The Federal Trade Commission (FTC) is looking into Intuit over its TurboTax product, as the company allegedly was tricking customers into paying for what they could've gotten for free, according to a ProPublica report.

The investigation will look into whether Intuit engaged in deceptive or misdirecting practices when it marketed TurboTax's paid products to people eligible to file their taxes for free. The investigation has been going on for more than a year, and it was revealed in a company filing when lawyers tried to appeal to limit the scope of the investigation.

According to ProPublica's reporting on the case from last year, TurboTax marketing used a variety of tactics to push TurboTax's paid service, burying free services and often advertising services as free before revealing the costs after numerous clicks. That came after the IRS agreed not to make its own free tax tool when Intuit and other similar companies agreed to provide their own.

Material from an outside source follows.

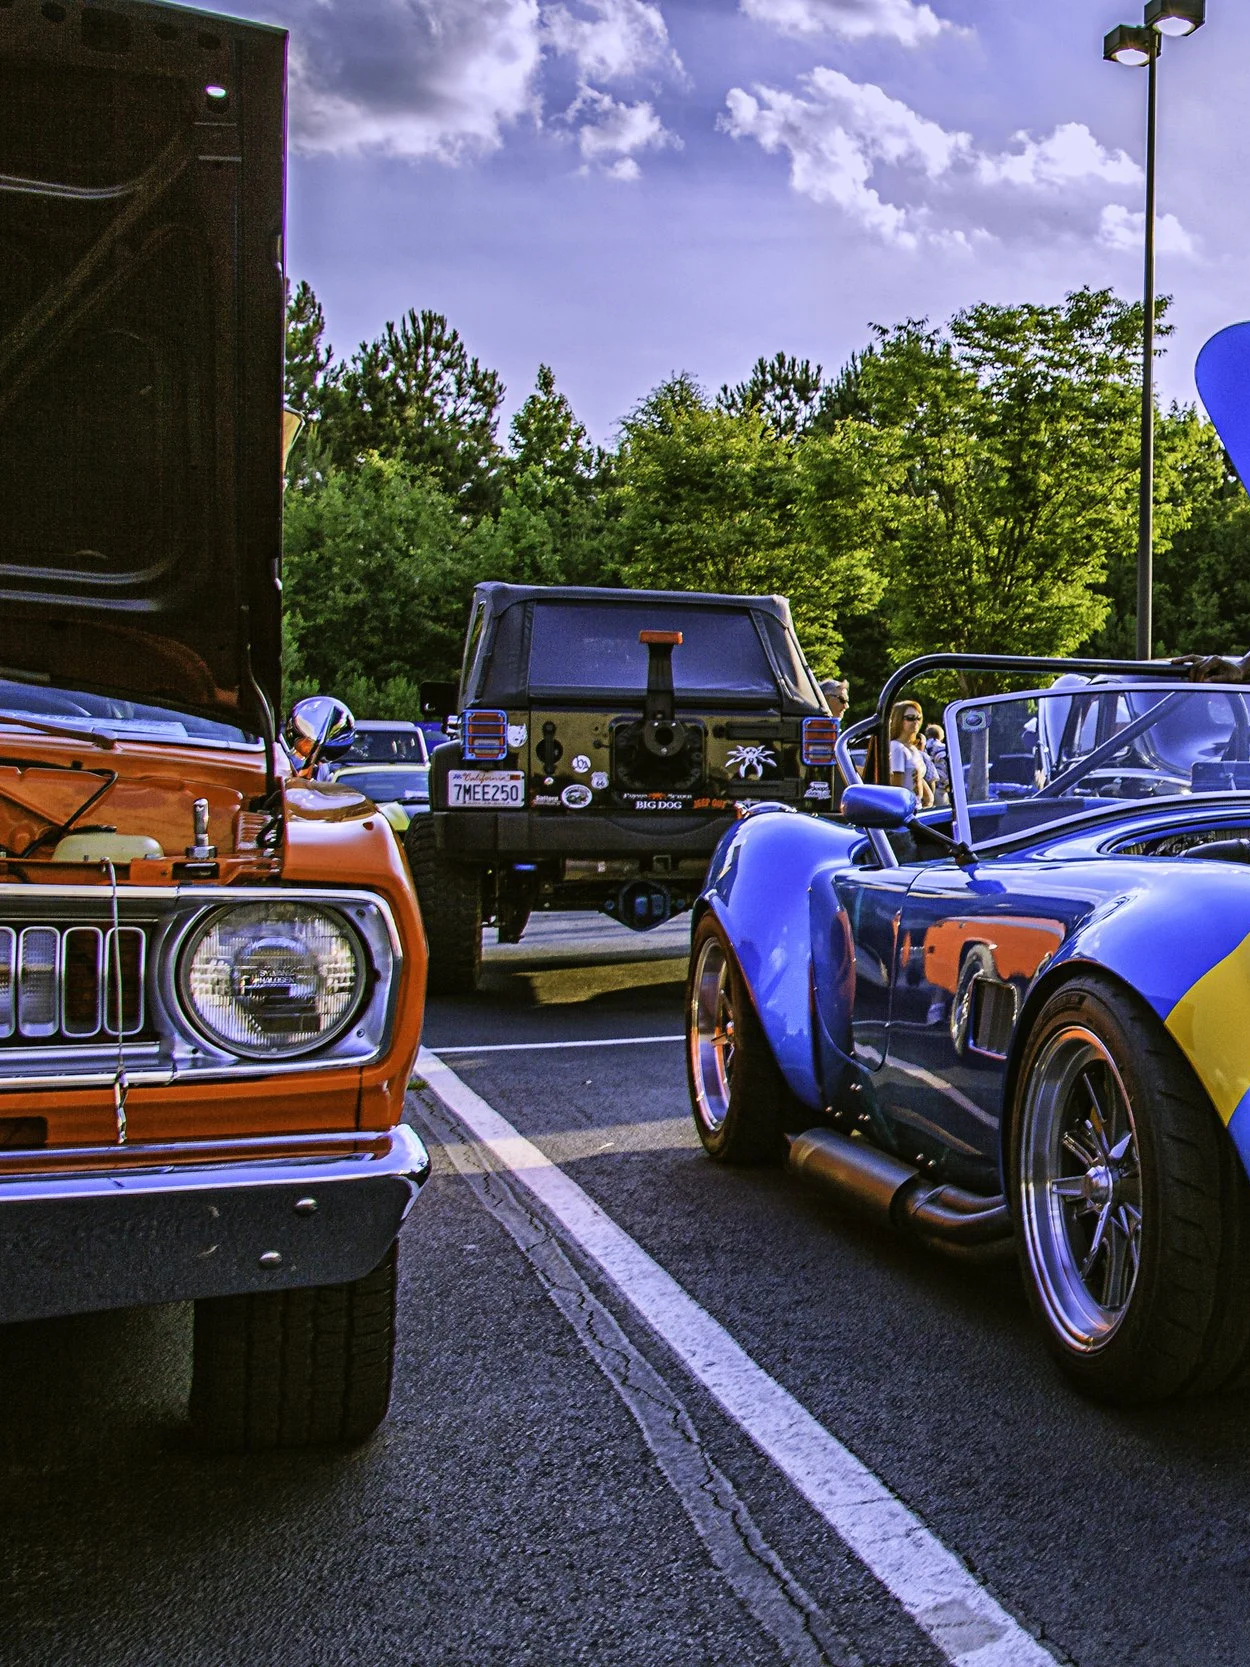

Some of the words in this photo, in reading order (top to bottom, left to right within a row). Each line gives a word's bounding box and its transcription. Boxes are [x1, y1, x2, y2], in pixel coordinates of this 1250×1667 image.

[453, 784, 519, 801] 7MEE250
[635, 800, 657, 809] BIG
[657, 800, 683, 809] DOG
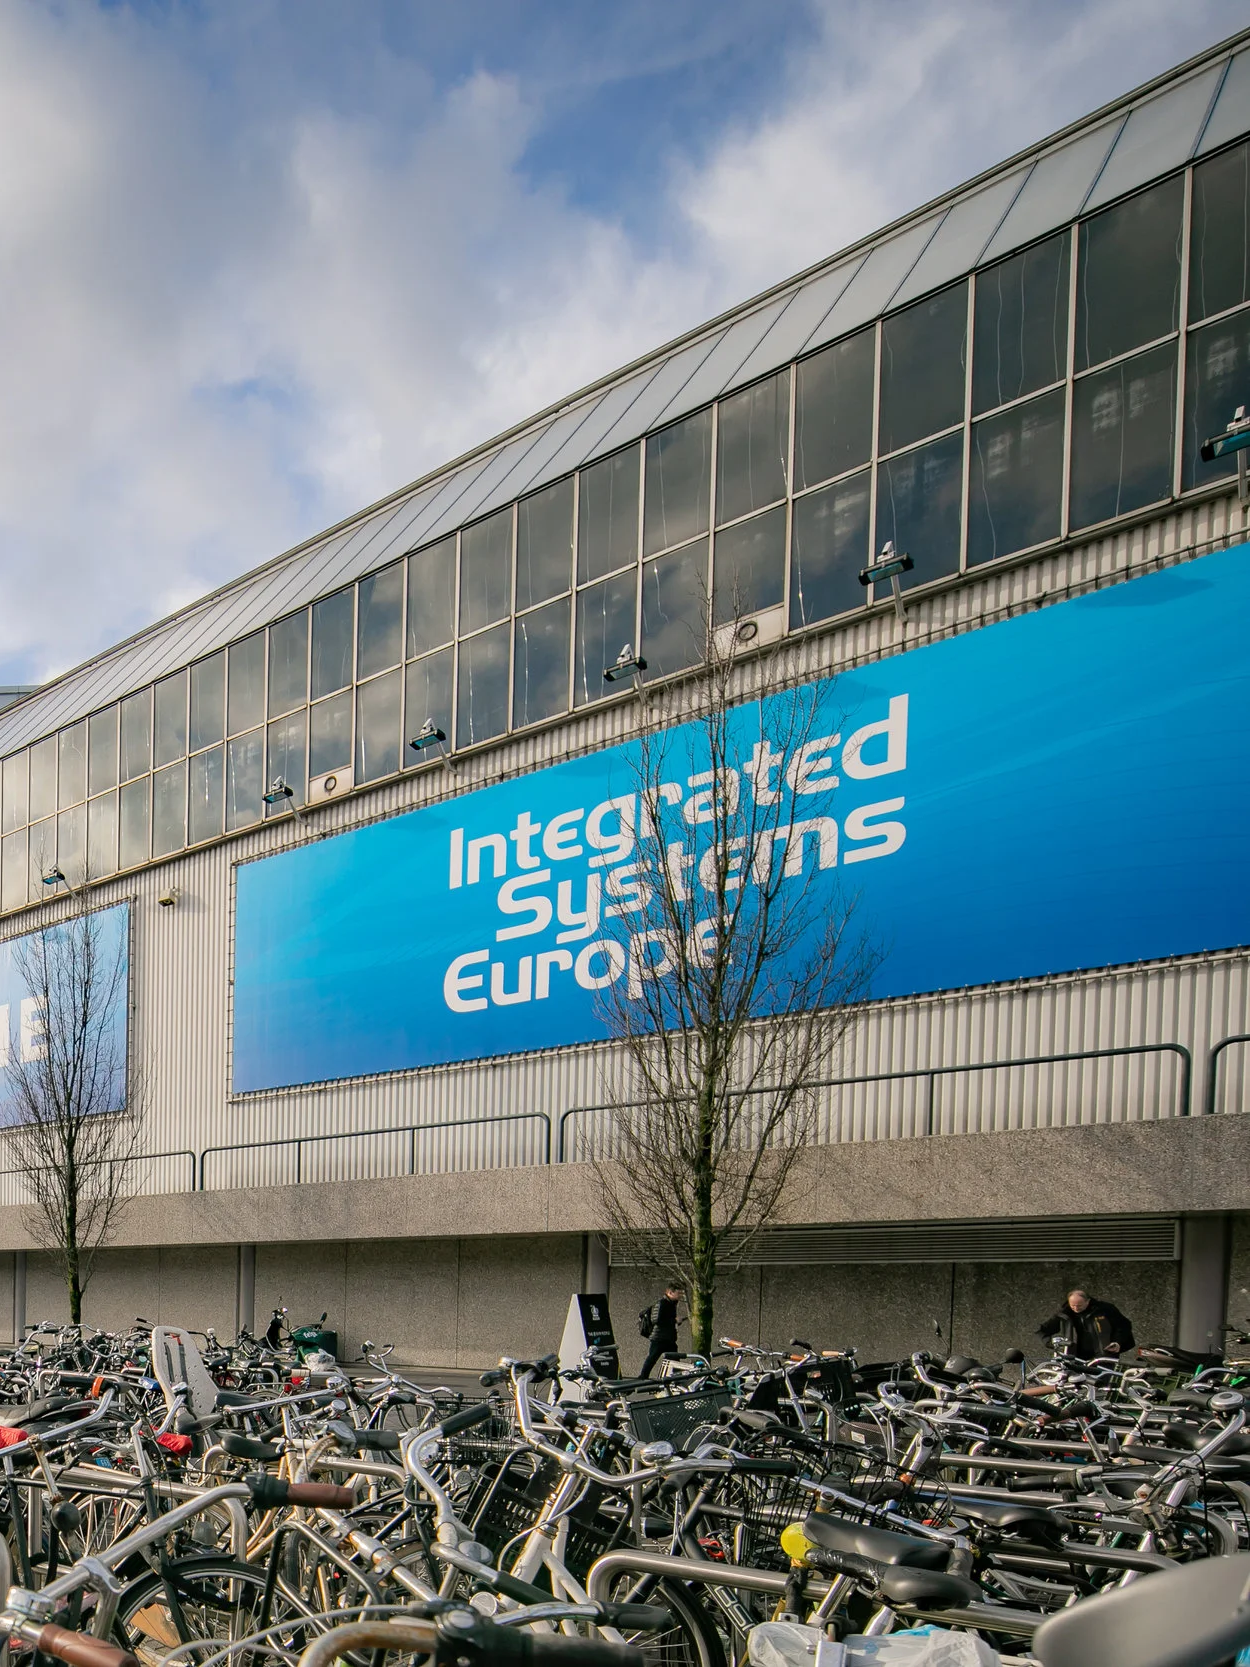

Intuit provided 500,000 pages of documents responding to the FTC's first civil investigative demand last year, but it has been after the FTC to narrow the scope. In May, FTC investigators passed down another civil demand. Intuit has pleaded that the pandemic makes the requests "incredibly burdensome," according to ProPublica.

But in a bipartisan order from the commission, the company's requests were denied. The investigation will continue as broadly as it had been.

Intuit also faced scrutiny from the Department of Justice in August over its acquisition of Credit Karma for $7.1 billion. The issue in that case was antitrust. If Intuit owns both Credit Karma and TurboTax, critics worry that there could be an encroaching lack of competition in the field.

Last year, Intuit denied that there had been a data breach at TurboTax in which a third-party scammer was able to acquire user information, saying instead that the breach in question happened outside of its websites.